------ LISTED ENTRIES ------

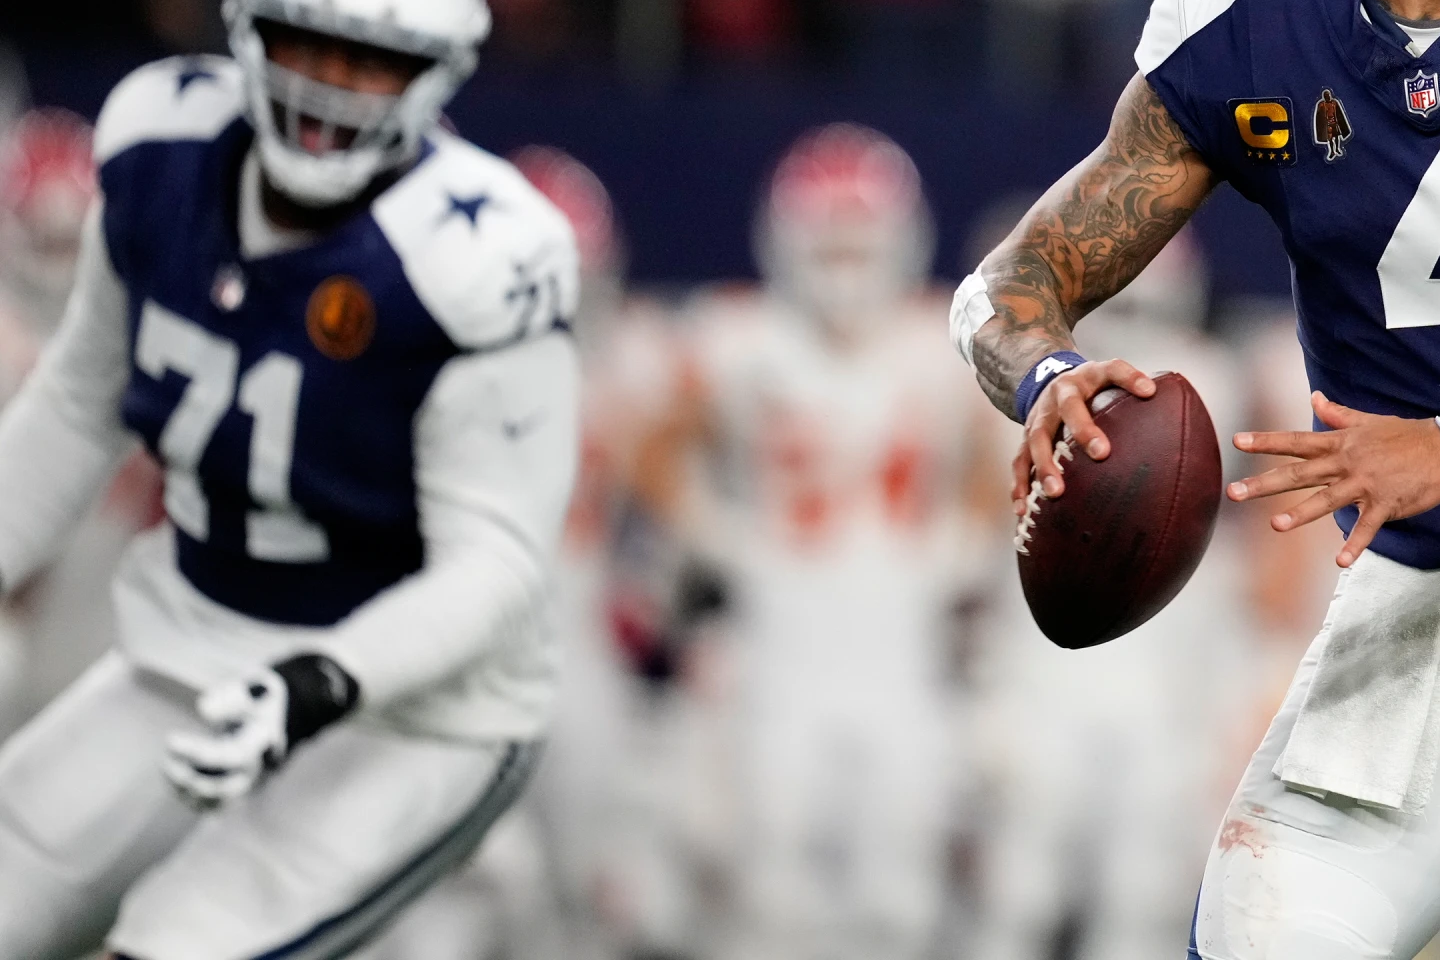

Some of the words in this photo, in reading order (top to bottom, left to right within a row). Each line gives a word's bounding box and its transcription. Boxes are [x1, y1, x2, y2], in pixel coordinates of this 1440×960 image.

[1410, 90, 1435, 109] NFL
[1235, 103, 1289, 149] C
[1036, 356, 1073, 382] 4
[136, 298, 330, 564] 71
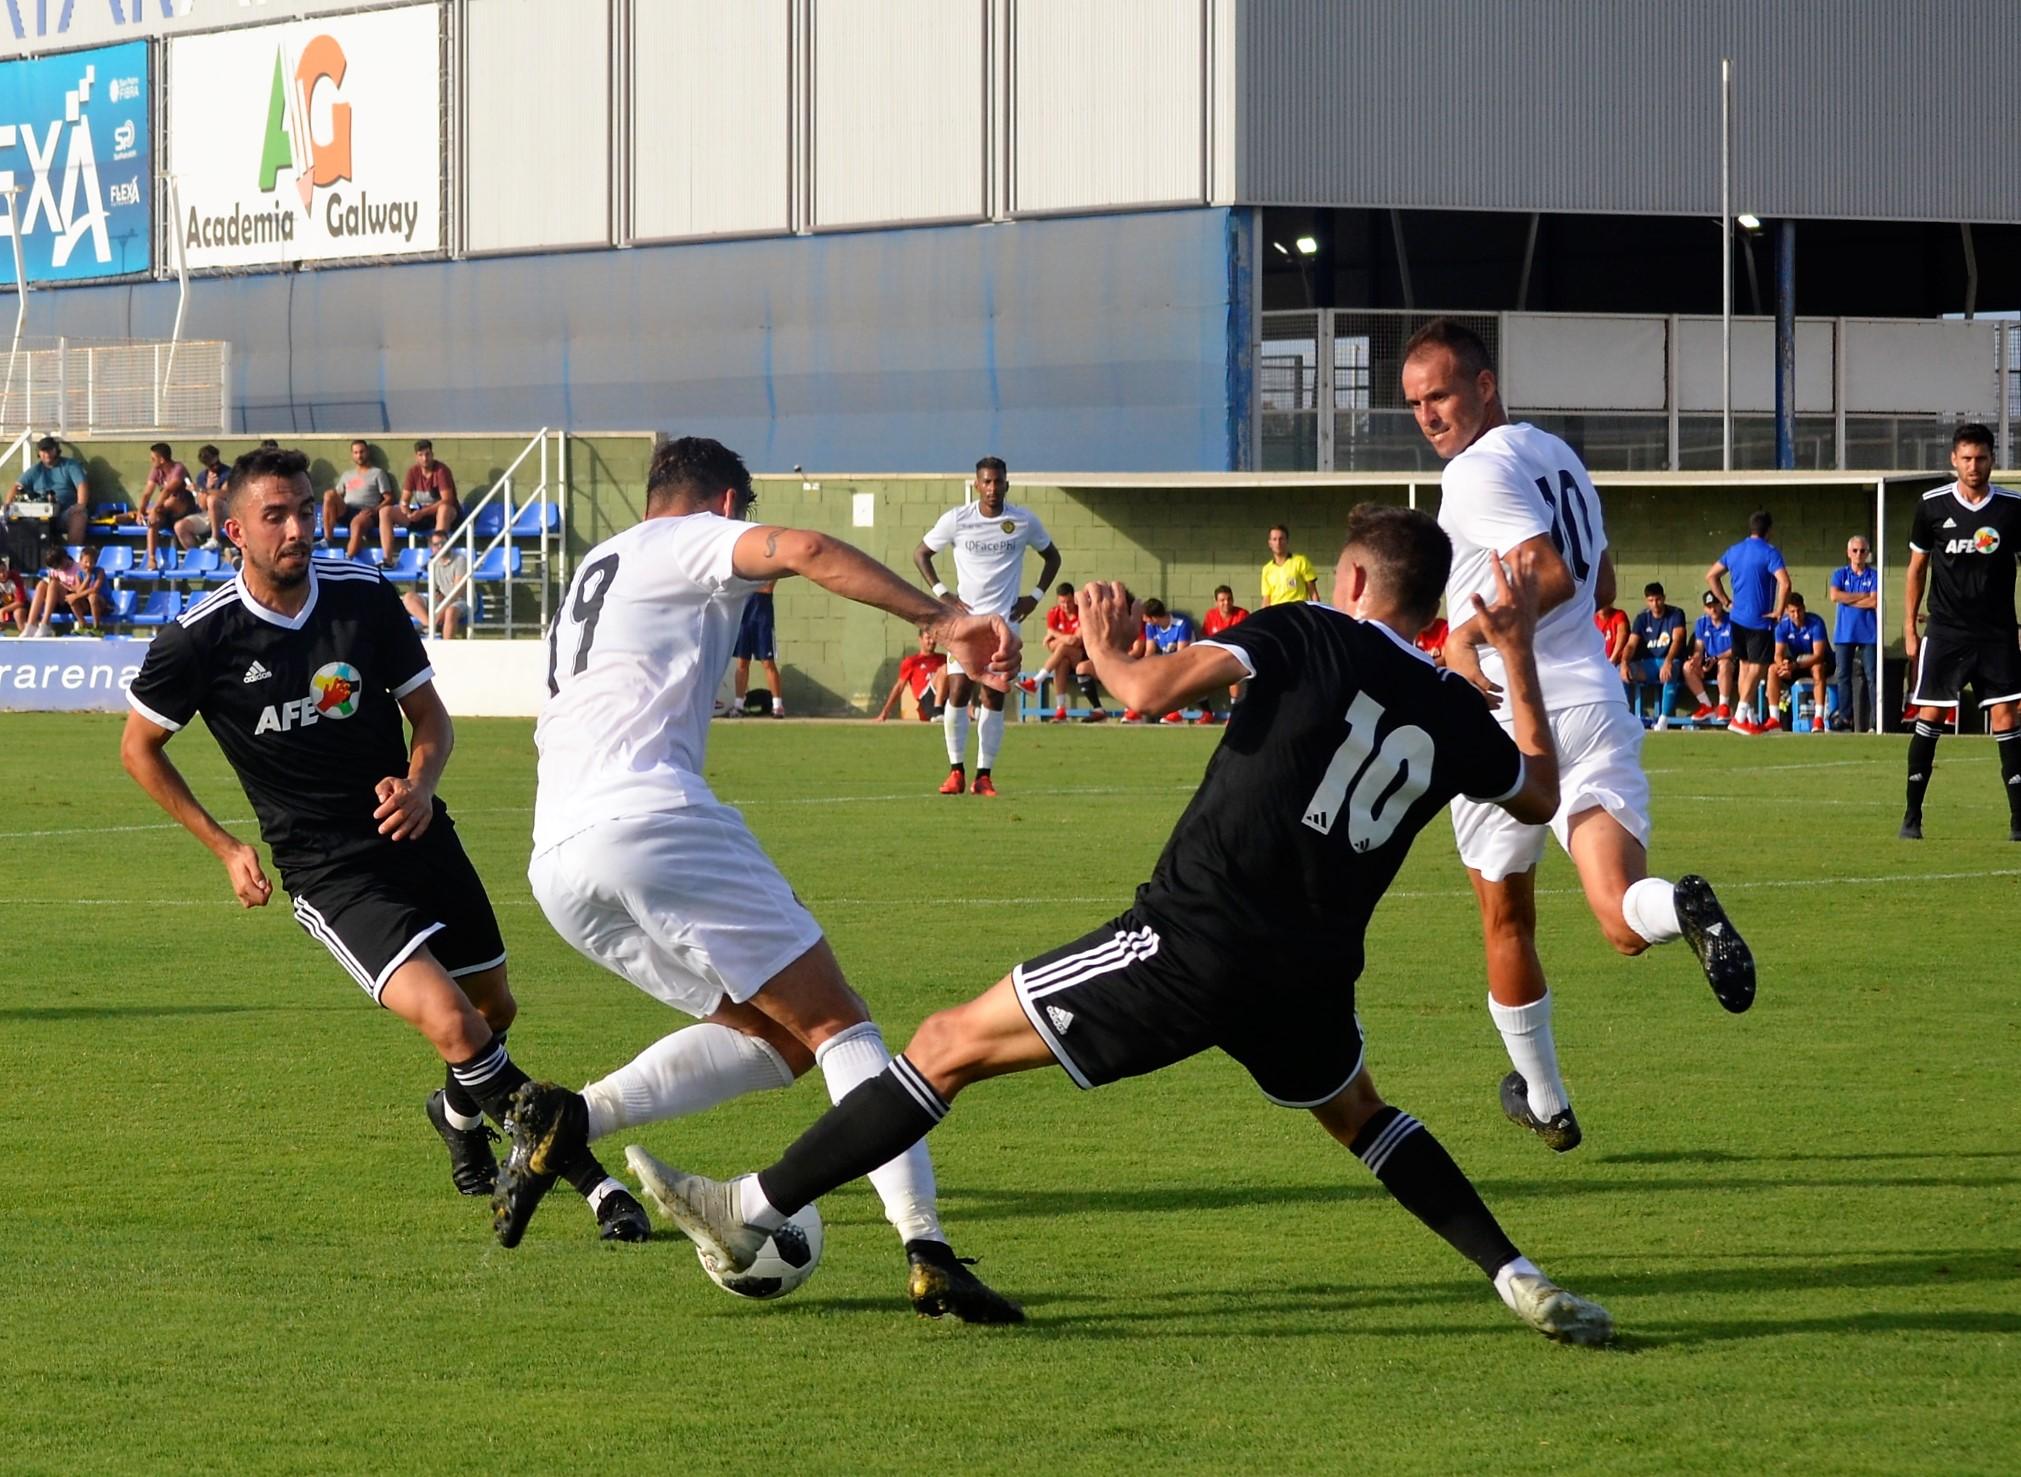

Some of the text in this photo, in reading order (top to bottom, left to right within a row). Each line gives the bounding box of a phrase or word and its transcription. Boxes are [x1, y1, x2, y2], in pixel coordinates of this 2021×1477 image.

[186, 191, 418, 249] Academia Galway
[1534, 469, 1592, 583] 10
[547, 552, 620, 699] 19
[243, 671, 272, 684] adidas
[254, 697, 320, 736] AFE
[1301, 689, 1435, 854] 10
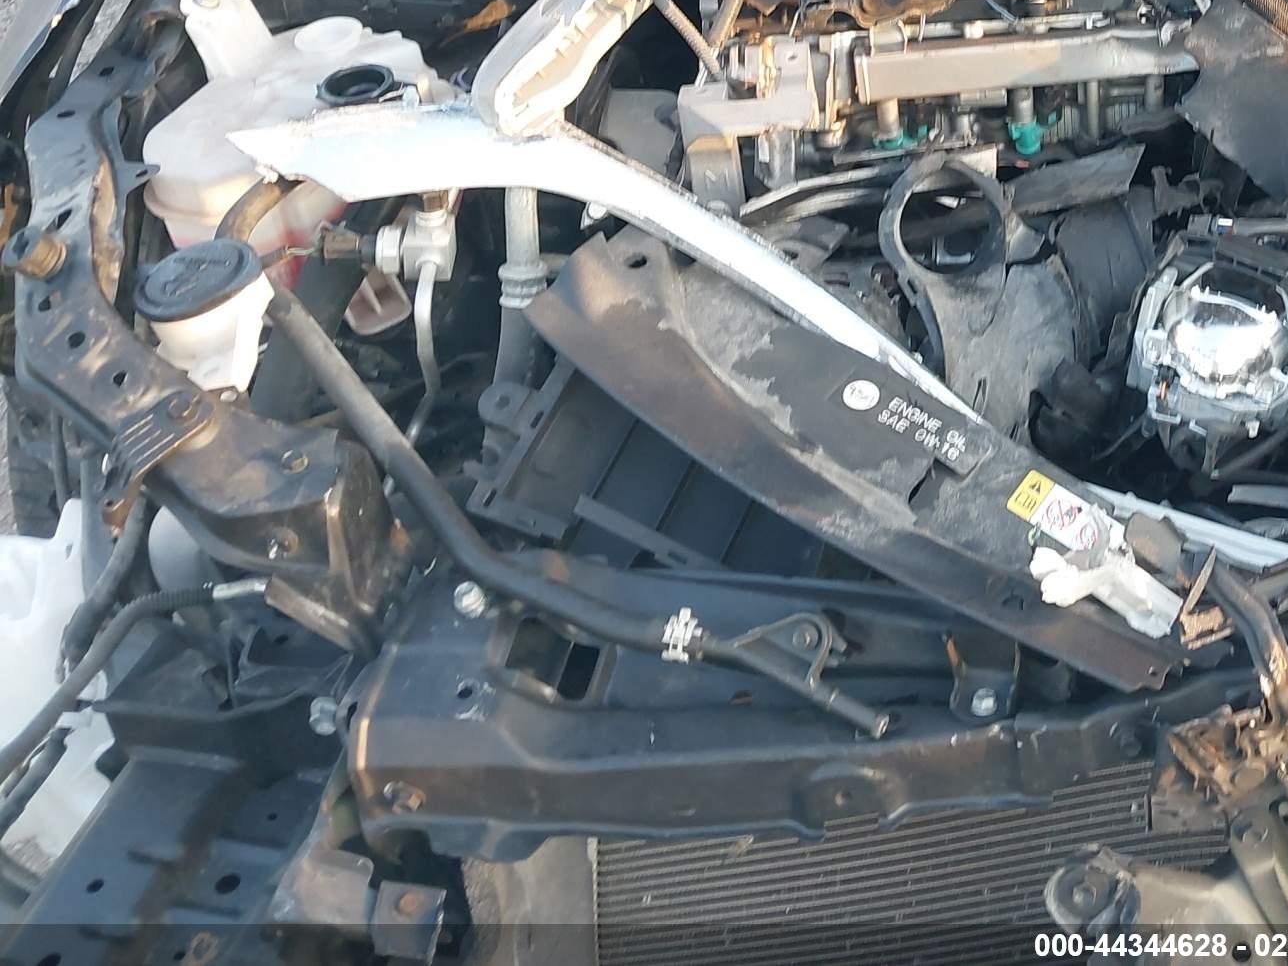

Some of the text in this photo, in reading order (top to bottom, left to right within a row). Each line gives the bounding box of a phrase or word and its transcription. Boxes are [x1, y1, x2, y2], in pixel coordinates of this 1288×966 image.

------

**WHAT THE TASK ASKS:** The result should be all the records, retyped exactly, with no pictures among them.

**RESULT:**
Some of the words in this photo, in reading order (top to bottom, left to right within a row). Each line gives a word's bounding box and its transcription. Boxes are [x1, y1, x2, y2], in pixel coordinates of this 1440×960 image.

[1410, 90, 1435, 109] NFL
[1235, 103, 1289, 149] C
[1036, 356, 1073, 382] 4
[136, 298, 330, 564] 71

Some of the text in this photo, in reading order (top to bottom, left to right within a row). Each line gives the bounding box of a phrase or word and its transcription. Boxes are [x1, y1, x2, y2], in pixel coordinates of this 2021×1477 image.

[186, 191, 418, 249] Academia Galway
[1534, 469, 1592, 583] 10
[547, 552, 620, 699] 19
[243, 671, 272, 684] adidas
[254, 697, 320, 736] AFE
[1301, 689, 1435, 854] 10

Some of the text in this photo, in reading order (top to bottom, left to right within a row). Each line gives the bounding box of a phrase or word and its transcription. Boxes are [x1, y1, x2, y2], in pixel coordinates of this 1288×966 image.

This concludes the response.